§ What the task requires
Keep the pictures out, please, and set down every record exactly.

§ Records for this task
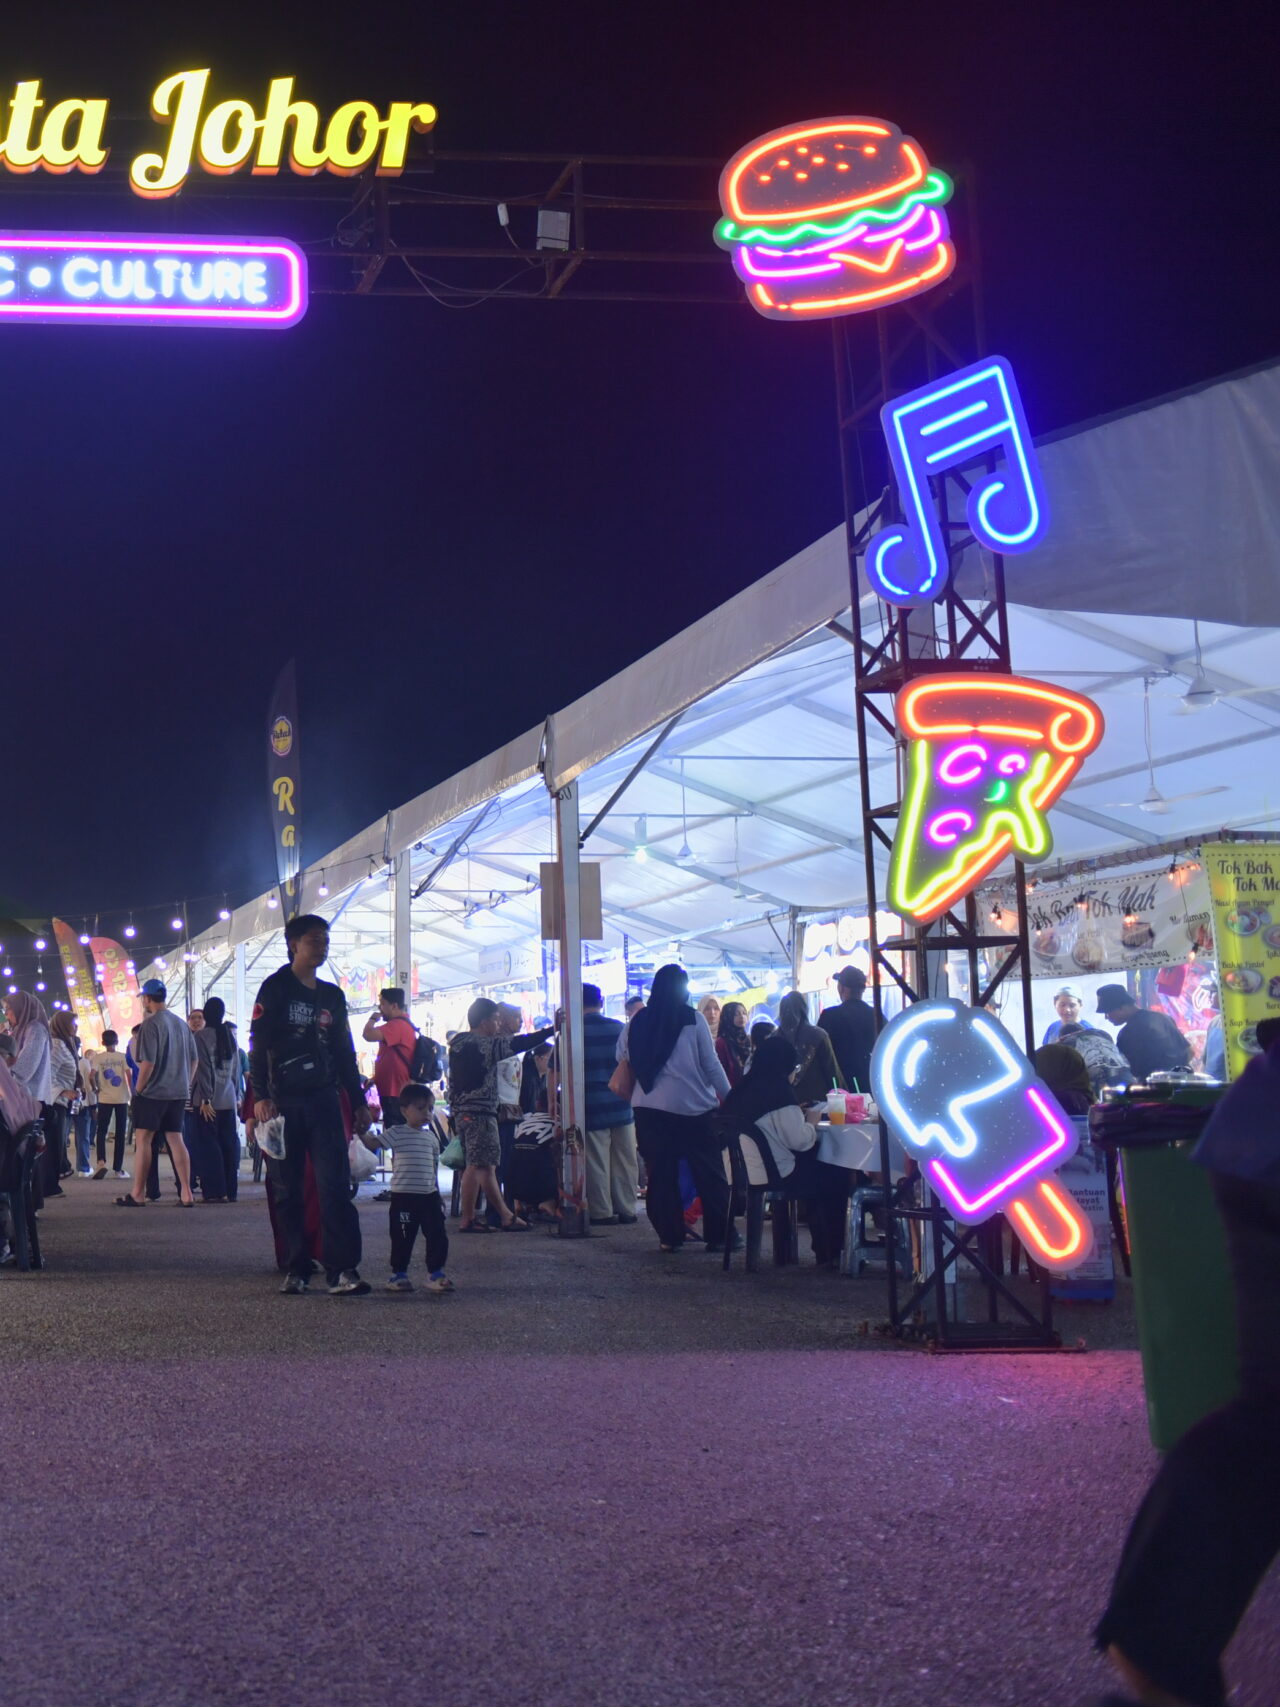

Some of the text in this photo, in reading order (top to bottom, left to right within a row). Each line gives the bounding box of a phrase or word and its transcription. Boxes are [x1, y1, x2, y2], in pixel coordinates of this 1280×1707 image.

[129, 67, 437, 198] Johor
[61, 256, 268, 303] CULTURE
[1217, 859, 1273, 875] Tok Bak
[1233, 876, 1257, 892] Tok

§ Your response
Some of the text in this photo, in reading order (top to bottom, left to right within a row). Each line gives the bounding box of a phrase or word and its transcription. Boxes are [x1, y1, x2, y2], in pixel coordinates of this 1280×1707 image.

[129, 67, 437, 198] Johor
[61, 256, 268, 303] CULTURE
[1217, 859, 1273, 875] Tok Bak
[1233, 876, 1257, 892] Tok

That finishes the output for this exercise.